Detection of specifically captured and isolated cells is then
mediated by a detection antibody labelled with a readily detectable
and/or quantifiable detection moiety.
[0088] The antibody-mediated sandwich-type cell isolation methods
of the present invention have the novel and additional advantages
of permitting the use of a single antibody for cell capture as well
as detection, or combining a specific and/or non-specific capture
antibody with one or more detection antibody that may be a
reliable, though non-specific, identifier of target cells of
interest. Because of its high cell isolation sensitivity and
efficiency, the technology of the present invention is also
applicable to development of quantitative methods for monitoring
relative changes in the number of circulating cells that are known
to occur in conditions such as Down syndrome, maternal complication
of pregnancy such as preeclampsia, or a variety of human cancers
(40). The quantitative cell isolation technology of the present
invention, based on single-step isolation, detection, and counting
the number of isolated cells per unit of the starting blood volume
has additional advantages of simplicity and cost effectiveness.

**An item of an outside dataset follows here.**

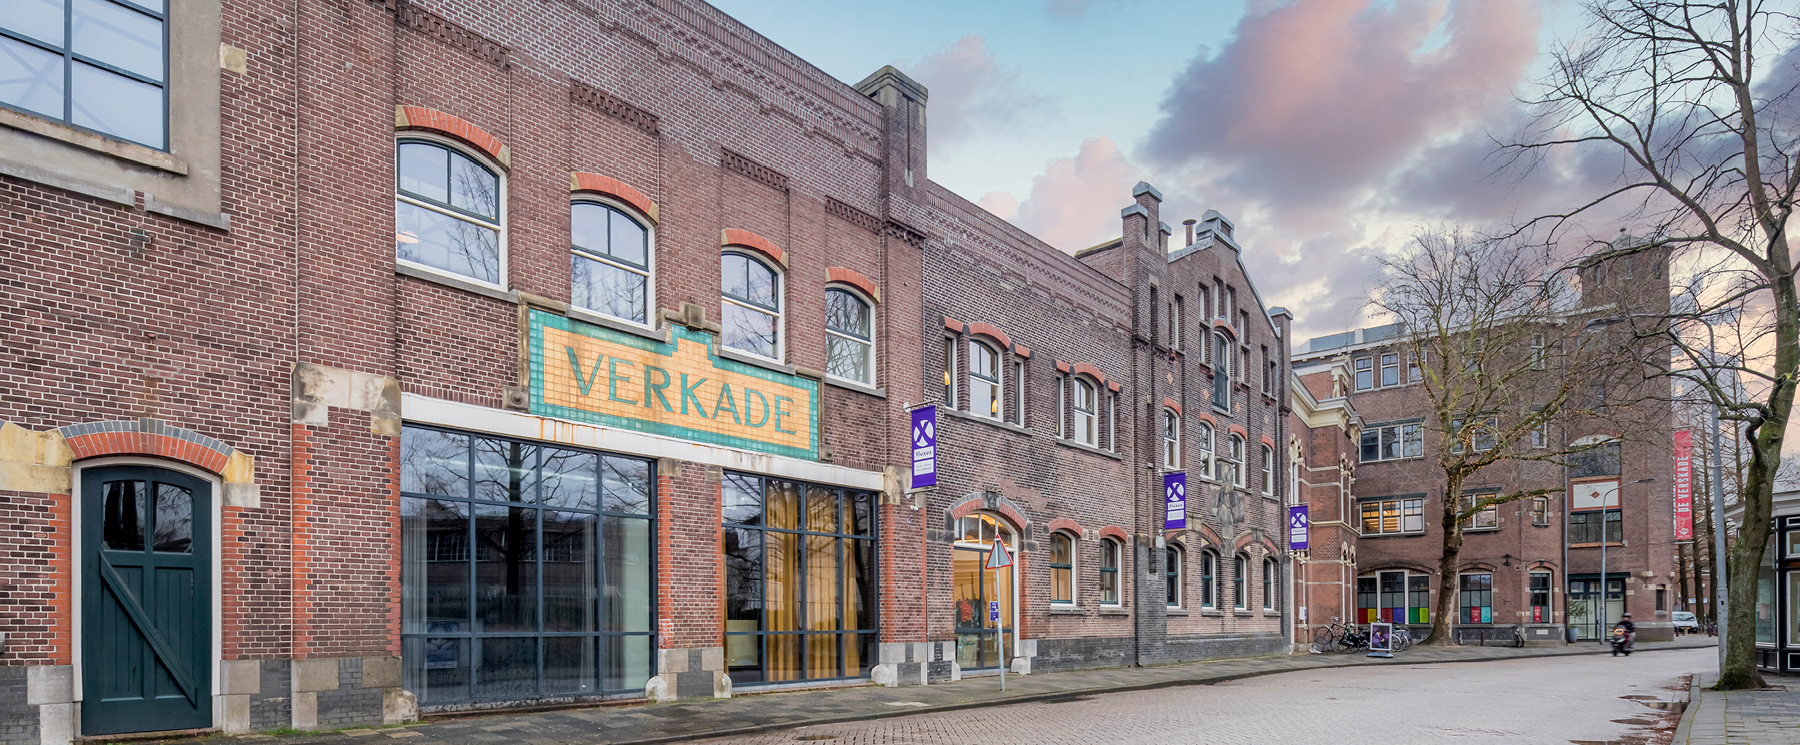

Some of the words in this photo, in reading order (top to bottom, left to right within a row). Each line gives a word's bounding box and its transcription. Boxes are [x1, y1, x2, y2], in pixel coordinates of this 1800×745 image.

[0089] The design of the technology of the present invention,
focusing on solid-phase platforms that accommodate large surface
area facilitate closer contact and thus enhanced capturing capacity
and interaction of the solid-phase antibody with rare target cells
of interest. This design, allowing the use of excess antibody
planted on large binding surfaces has the advantage of promoting
affinity independent interactions, enhanced reaction kinetics, and
easy separation from unbound cells, while avoiding problems
encountered by the commonly used microparticle-based cell
separation strategies. Isolated rare cells can be then counted,
analyzed in situ, and/or removed for downstream manipulation and
analysis.
[0090] Each of the patents and references cited in this application
are hereby incorporated herein by reference. In the event that
there is an inconsistency between the teachings of one or more of
the references incorporated herein and the present disclosure, the
teachings of the present specification are intended. The examples
provided in this specification are for illustration only and are
not intended to limit the invention the full scope of which will be
immediately clear to those of skill in the art.